Question

Running SortMeRNA for bulk RNAseq data

0

Entering edit mode

4.8 years ago

Farah ▴ 80

Hello,

I need to run the below commands in my university cluster to be able to do SortMeRNA for my fastq.gz files from RNA-seq experiment. I have 18 paired-end fastq.gz files naming like 30786524-PBG_NAM_18_R1.fastq.gz & 30786524-PBG_NAM_18_R2.fastq.gz

R1 shows forward read and R2 is reverse read.

All of my fastq.gz files have different names but they are common in R1.fastq.gz and R2.fastq.gz

I should save the below chunk of code in nano:

#!/bin/bash    
READ_FW="$1"
READ_RV="$2"

FILEBASE=$(basename "${READ_FW/_1.fq.gz/}")

echo "Uncompressing FASTQ data of $FILEBASE"
gunzip "$READ_FW" "$READ_RV"

READ_FW="${READ_FW%.gz}"
READ_RV="${READ_RV%.gz}"

echo "Merging pairs of $FILEBASE"
merge-paired-reads.sh "$READ_FW" "$READ_RV" "${FILEBASE}_interleaved.fq"

echo "Running SortMeRNA for $FILEBASE"
sortmerna --ref $SORTMERNA_DB --reads "${FILEBASE}_interleaved.fq" --aligned \
"${FILEBASE}-rRNA-hits" --other  "${FILEBASE}-sortmerna" --log -a 16 \
-v --paired_in --fastx

echo "Unmerging SortMeRNA filtered pairs for $FILEBASE"
unmerge-paired-reads.sh "${FILEBASE}-sortmerna.fq" \
"${FILEBASE}-sortmerna_1.fq" "${FILEBASE}-sortmerna_2.fq"

echo "Doing cleanup for $FILEBASE"
gzip "$READ_FW" "$READ_RV" "${FILEBASE}-sortmerna_1.fq" \
"${FILEBASE}-sortmerna_2.fq" "${FILEBASE}-rRNA-hits.fq"
rm "${FILEBASE}_interleaved.fq" "${FILEBASE}-sortmerna.fq"

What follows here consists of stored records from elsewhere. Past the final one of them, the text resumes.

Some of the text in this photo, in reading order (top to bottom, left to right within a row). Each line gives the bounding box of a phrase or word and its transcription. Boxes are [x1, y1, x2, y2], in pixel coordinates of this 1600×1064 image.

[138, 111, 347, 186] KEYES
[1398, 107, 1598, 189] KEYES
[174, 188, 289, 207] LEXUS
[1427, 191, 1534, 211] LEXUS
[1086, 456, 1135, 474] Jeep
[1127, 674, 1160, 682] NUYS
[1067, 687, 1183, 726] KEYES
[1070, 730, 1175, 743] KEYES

Then, I should use a loop to execute this script:

mkdir ~/sortmerna
cd ~/sortmerna
find ../raw -name "*.fq.gz"  | sort | head -n 32 | while read READ_FW
do 
  read READ_RV
  bash ../runSortMeRNA.sh $READ_FW $READ_RV
done

As I am new in programming, may I know what is FILEBASE? Should I specify a name or a path for it?

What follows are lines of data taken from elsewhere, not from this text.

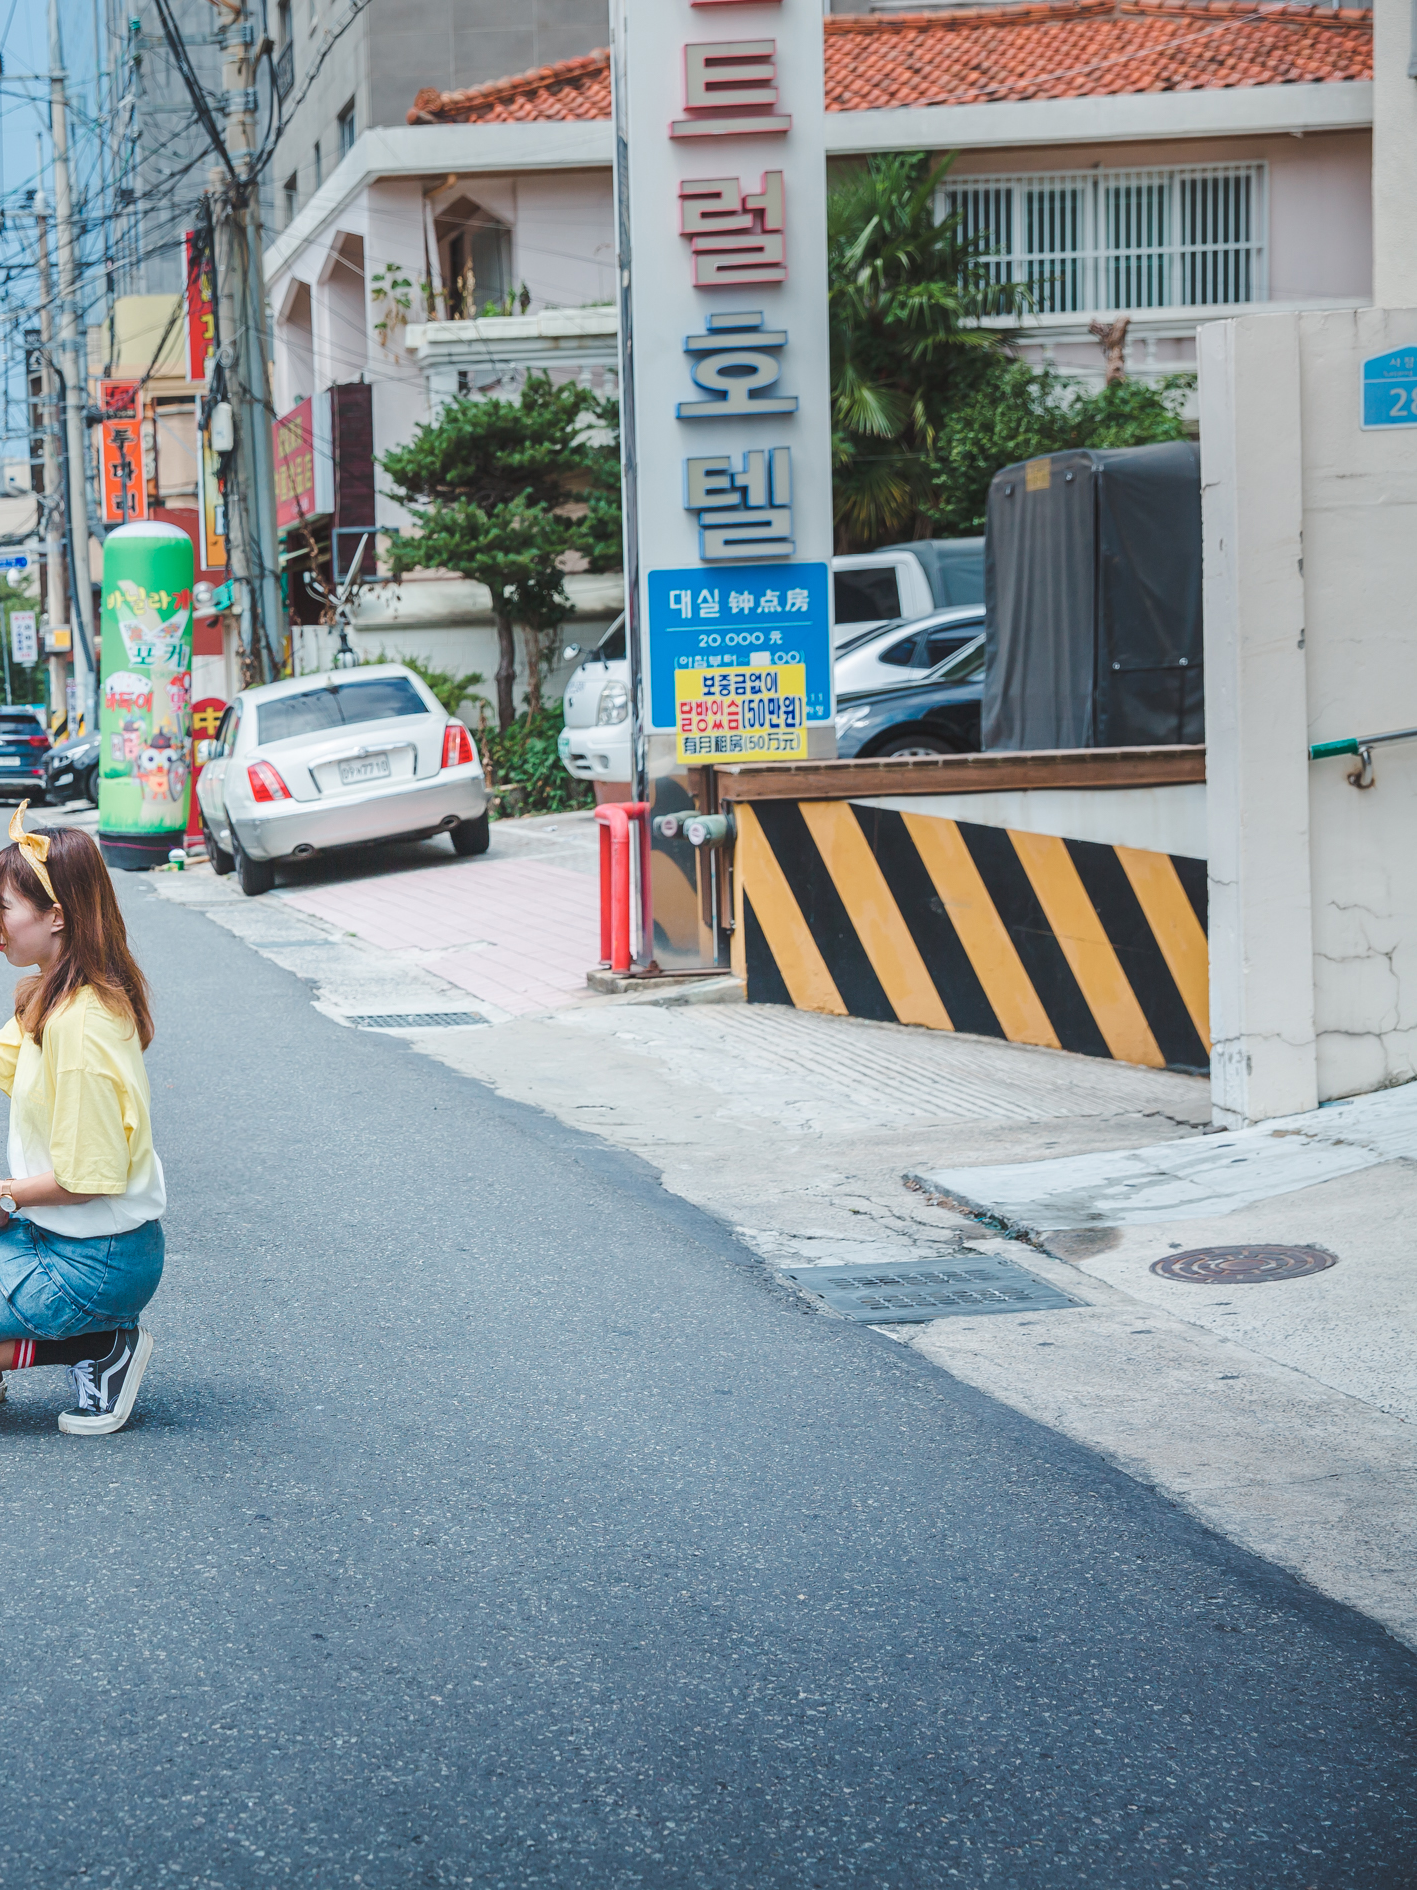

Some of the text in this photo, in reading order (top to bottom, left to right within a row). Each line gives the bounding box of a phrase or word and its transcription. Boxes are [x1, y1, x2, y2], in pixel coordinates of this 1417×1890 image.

[675, 310, 800, 560] 호텔
[669, 587, 810, 619] 대실 钟点房
[769, 630, 783, 645] 元
[703, 671, 778, 697] 보증금없이
[105, 691, 153, 713] 바둑이

Also, should I keep ${READ_FW/_1.fq.gz/}, READ_FW="$1" and READ_RV="$2" exactly like this or adapt them based on my data?

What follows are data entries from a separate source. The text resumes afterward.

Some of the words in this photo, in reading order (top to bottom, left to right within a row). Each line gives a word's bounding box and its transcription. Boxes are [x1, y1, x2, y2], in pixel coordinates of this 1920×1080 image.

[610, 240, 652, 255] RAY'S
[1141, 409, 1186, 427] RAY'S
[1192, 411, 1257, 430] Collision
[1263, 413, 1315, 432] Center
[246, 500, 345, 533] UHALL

What about find ../raw -name "*.fq.gz" and bash ../runSortMeRNA.sh? Which parts of the codes I should adapt?

I would highly appreciate your help.

Best wishes,
Farah

sortmerna RNA-Seq • 2.8k views

ADD COMMENT • link updated 11 months ago by Ram 43k • written 4.8 years ago by Farah ▴ 80

0

Entering edit mode

Can you explain the role of --paired_in and --paired_out ? I am still confused about these two options after reading the usage. Thanks.

ADD REPLY • link 4.2 years ago by Shicheng Guo ★ 9.4k

score 1 · Answer 1 · 2019-07-04

1

Entering edit mode

4.8 years ago

Carambakaracho ★ 3.2k

Also, should I keep "${READ_FW/_1.fq.gz/}" , READ_FW="$1" and READ_RV="$2" exactly like this or adapt them based on my data?

You may need to adapt the _1.fq.gz part, it matches only forward read files ending in _1.fq.gz but doesn't work for _R1.fq.gz or _1.fastq.gz

What about find ../raw -name "*.fq.gz" and bash ../runSortMeRNA.sh ? which parts of the codes I should adapt?

../raw needs to be adapted to the path wherever your gzipped fastq files are. Same for ../runSortMeRNA.sh

ADD COMMENT • link 4.8 years ago by Carambakaracho ★ 3.2k

0

Entering edit mode

OK. Many thanks for your help.

ADD REPLY • link 4.8 years ago by Farah ▴ 80

score 0 · Answer 2 · 2019-07-04

With FILEBASE=$(basename "${READ_FW/_1.fq.gz/}") you define the new variable called $FILEBASE as a character string using the file name of the respective READ_FW file, but without the ending "_1.fq.gz" and without the whole filepath which originally is in the filename too.

The endings file endings should be the same in the script.

The script you have is written, so that you don't have to adjust it every time.